Task brief: Please copy every record exactly as it is written.

*** Opening of Data for analysis ***

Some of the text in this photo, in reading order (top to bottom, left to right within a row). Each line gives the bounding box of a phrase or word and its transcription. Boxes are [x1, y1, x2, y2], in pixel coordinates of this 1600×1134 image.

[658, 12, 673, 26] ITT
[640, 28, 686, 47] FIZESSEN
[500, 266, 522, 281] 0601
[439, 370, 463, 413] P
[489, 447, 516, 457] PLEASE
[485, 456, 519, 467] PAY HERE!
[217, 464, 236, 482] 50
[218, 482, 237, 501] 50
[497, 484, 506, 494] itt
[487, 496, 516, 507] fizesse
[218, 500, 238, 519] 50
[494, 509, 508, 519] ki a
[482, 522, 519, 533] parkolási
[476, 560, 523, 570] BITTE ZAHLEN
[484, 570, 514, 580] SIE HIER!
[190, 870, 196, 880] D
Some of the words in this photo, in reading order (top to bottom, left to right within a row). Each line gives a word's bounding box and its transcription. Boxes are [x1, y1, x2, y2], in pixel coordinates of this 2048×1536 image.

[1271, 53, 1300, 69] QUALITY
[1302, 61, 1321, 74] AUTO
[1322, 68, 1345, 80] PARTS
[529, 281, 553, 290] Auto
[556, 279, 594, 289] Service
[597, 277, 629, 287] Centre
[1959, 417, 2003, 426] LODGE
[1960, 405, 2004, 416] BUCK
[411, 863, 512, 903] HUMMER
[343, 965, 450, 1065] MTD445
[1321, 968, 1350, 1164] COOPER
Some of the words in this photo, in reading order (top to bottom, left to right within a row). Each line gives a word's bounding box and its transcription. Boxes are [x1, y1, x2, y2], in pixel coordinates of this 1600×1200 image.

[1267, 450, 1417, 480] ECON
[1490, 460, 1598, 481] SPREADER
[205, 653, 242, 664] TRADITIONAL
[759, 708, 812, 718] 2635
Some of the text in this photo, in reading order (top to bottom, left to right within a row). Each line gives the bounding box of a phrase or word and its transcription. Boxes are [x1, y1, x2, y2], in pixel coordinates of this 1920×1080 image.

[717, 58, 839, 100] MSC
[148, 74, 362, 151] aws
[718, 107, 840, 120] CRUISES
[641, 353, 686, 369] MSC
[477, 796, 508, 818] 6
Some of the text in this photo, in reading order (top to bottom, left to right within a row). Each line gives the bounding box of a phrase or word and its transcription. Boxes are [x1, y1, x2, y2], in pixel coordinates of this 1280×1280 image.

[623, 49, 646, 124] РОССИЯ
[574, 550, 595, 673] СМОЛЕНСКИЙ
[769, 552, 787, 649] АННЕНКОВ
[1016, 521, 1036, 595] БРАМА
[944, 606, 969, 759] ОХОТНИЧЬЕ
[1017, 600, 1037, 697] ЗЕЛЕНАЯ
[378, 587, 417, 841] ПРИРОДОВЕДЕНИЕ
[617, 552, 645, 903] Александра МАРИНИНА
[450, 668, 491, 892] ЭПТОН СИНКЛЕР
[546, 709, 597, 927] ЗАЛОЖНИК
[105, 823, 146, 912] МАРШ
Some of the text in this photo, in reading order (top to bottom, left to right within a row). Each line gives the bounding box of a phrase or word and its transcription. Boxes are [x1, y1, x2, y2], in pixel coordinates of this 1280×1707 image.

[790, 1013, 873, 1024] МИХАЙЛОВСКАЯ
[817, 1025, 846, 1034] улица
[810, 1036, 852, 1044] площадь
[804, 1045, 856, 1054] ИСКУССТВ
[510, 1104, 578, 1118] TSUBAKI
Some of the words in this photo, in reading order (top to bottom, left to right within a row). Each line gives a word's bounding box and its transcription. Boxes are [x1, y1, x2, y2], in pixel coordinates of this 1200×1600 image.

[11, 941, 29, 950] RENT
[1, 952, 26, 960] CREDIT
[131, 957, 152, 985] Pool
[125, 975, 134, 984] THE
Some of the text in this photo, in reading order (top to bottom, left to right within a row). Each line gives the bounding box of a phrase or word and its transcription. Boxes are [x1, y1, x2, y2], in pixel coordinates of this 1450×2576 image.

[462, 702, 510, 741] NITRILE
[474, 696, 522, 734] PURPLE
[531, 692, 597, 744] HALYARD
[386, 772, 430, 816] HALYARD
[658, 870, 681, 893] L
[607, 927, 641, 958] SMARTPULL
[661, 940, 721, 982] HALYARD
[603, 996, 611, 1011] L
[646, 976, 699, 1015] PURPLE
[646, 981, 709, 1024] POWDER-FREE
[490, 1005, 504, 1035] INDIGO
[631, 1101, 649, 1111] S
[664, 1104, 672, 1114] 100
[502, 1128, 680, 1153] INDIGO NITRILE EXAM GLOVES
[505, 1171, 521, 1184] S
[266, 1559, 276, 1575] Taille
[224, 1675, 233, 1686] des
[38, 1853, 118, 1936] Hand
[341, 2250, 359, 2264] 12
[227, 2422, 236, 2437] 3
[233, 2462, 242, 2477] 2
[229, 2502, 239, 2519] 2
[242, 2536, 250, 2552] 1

*** Close of Data for analysis ***

Answer box:
Some of the text in this photo, in reading order (top to bottom, left to right within a row). Each line gives the bounding box of a phrase or word and its transcription. Boxes are [x1, y1, x2, y2], in pixel coordinates of this 1600×1134 image.

[658, 12, 673, 26] ITT
[640, 28, 686, 47] FIZESSEN
[500, 266, 522, 281] 0601
[439, 370, 463, 413] P
[489, 447, 516, 457] PLEASE
[485, 456, 519, 467] PAY HERE!
[217, 464, 236, 482] 50
[218, 482, 237, 501] 50
[497, 484, 506, 494] itt
[487, 496, 516, 507] fizesse
[218, 500, 238, 519] 50
[494, 509, 508, 519] ki a
[482, 522, 519, 533] parkolási
[476, 560, 523, 570] BITTE ZAHLEN
[484, 570, 514, 580] SIE HIER!
[190, 870, 196, 880] D
Some of the words in this photo, in reading order (top to bottom, left to right within a row). Each line gives a word's bounding box and its transcription. Boxes are [x1, y1, x2, y2], in pixel coordinates of this 2048×1536 image.

[1271, 53, 1300, 69] QUALITY
[1302, 61, 1321, 74] AUTO
[1322, 68, 1345, 80] PARTS
[529, 281, 553, 290] Auto
[556, 279, 594, 289] Service
[597, 277, 629, 287] Centre
[1959, 417, 2003, 426] LODGE
[1960, 405, 2004, 416] BUCK
[411, 863, 512, 903] HUMMER
[343, 965, 450, 1065] MTD445
[1321, 968, 1350, 1164] COOPER
Some of the words in this photo, in reading order (top to bottom, left to right within a row). Each line gives a word's bounding box and its transcription. Boxes are [x1, y1, x2, y2], in pixel coordinates of this 1600×1200 image.

[1267, 450, 1417, 480] ECON
[1490, 460, 1598, 481] SPREADER
[205, 653, 242, 664] TRADITIONAL
[759, 708, 812, 718] 2635
Some of the text in this photo, in reading order (top to bottom, left to right within a row). Each line gives the bounding box of a phrase or word and its transcription. Boxes are [x1, y1, x2, y2], in pixel coordinates of this 1920×1080 image.

[717, 58, 839, 100] MSC
[148, 74, 362, 151] aws
[718, 107, 840, 120] CRUISES
[641, 353, 686, 369] MSC
[477, 796, 508, 818] 6
Some of the text in this photo, in reading order (top to bottom, left to right within a row). Each line gives the bounding box of a phrase or word and its transcription. Boxes are [x1, y1, x2, y2], in pixel coordinates of this 1280×1280 image.

[623, 49, 646, 124] РОССИЯ
[574, 550, 595, 673] СМОЛЕНСКИЙ
[769, 552, 787, 649] АННЕНКОВ
[1016, 521, 1036, 595] БРАМА
[944, 606, 969, 759] ОХОТНИЧЬЕ
[1017, 600, 1037, 697] ЗЕЛЕНАЯ
[378, 587, 417, 841] ПРИРОДОВЕДЕНИЕ
[617, 552, 645, 903] Александра МАРИНИНА
[450, 668, 491, 892] ЭПТОН СИНКЛЕР
[546, 709, 597, 927] ЗАЛОЖНИК
[105, 823, 146, 912] МАРШ
Some of the text in this photo, in reading order (top to bottom, left to right within a row). Each line gives the bounding box of a phrase or word and its transcription. Boxes are [x1, y1, x2, y2], in pixel coordinates of this 1280×1707 image.

[790, 1013, 873, 1024] МИХАЙЛОВСКАЯ
[817, 1025, 846, 1034] улица
[810, 1036, 852, 1044] площадь
[804, 1045, 856, 1054] ИСКУССТВ
[510, 1104, 578, 1118] TSUBAKI
Some of the words in this photo, in reading order (top to bottom, left to right within a row). Each line gives a word's bounding box and its transcription. Boxes are [x1, y1, x2, y2], in pixel coordinates of this 1200×1600 image.

[11, 941, 29, 950] RENT
[1, 952, 26, 960] CREDIT
[131, 957, 152, 985] Pool
[125, 975, 134, 984] THE
Some of the text in this photo, in reading order (top to bottom, left to right within a row). Each line gives the bounding box of a phrase or word and its transcription. Boxes are [x1, y1, x2, y2], in pixel coordinates of this 1450×2576 image.

[462, 702, 510, 741] NITRILE
[474, 696, 522, 734] PURPLE
[531, 692, 597, 744] HALYARD
[386, 772, 430, 816] HALYARD
[658, 870, 681, 893] L
[607, 927, 641, 958] SMARTPULL
[661, 940, 721, 982] HALYARD
[603, 996, 611, 1011] L
[646, 976, 699, 1015] PURPLE
[646, 981, 709, 1024] POWDER-FREE
[490, 1005, 504, 1035] INDIGO
[631, 1101, 649, 1111] S
[664, 1104, 672, 1114] 100
[502, 1128, 680, 1153] INDIGO NITRILE EXAM GLOVES
[505, 1171, 521, 1184] S
[266, 1559, 276, 1575] Taille
[224, 1675, 233, 1686] des
[38, 1853, 118, 1936] Hand
[341, 2250, 359, 2264] 12
[227, 2422, 236, 2437] 3
[233, 2462, 242, 2477] 2
[229, 2502, 239, 2519] 2
[242, 2536, 250, 2552] 1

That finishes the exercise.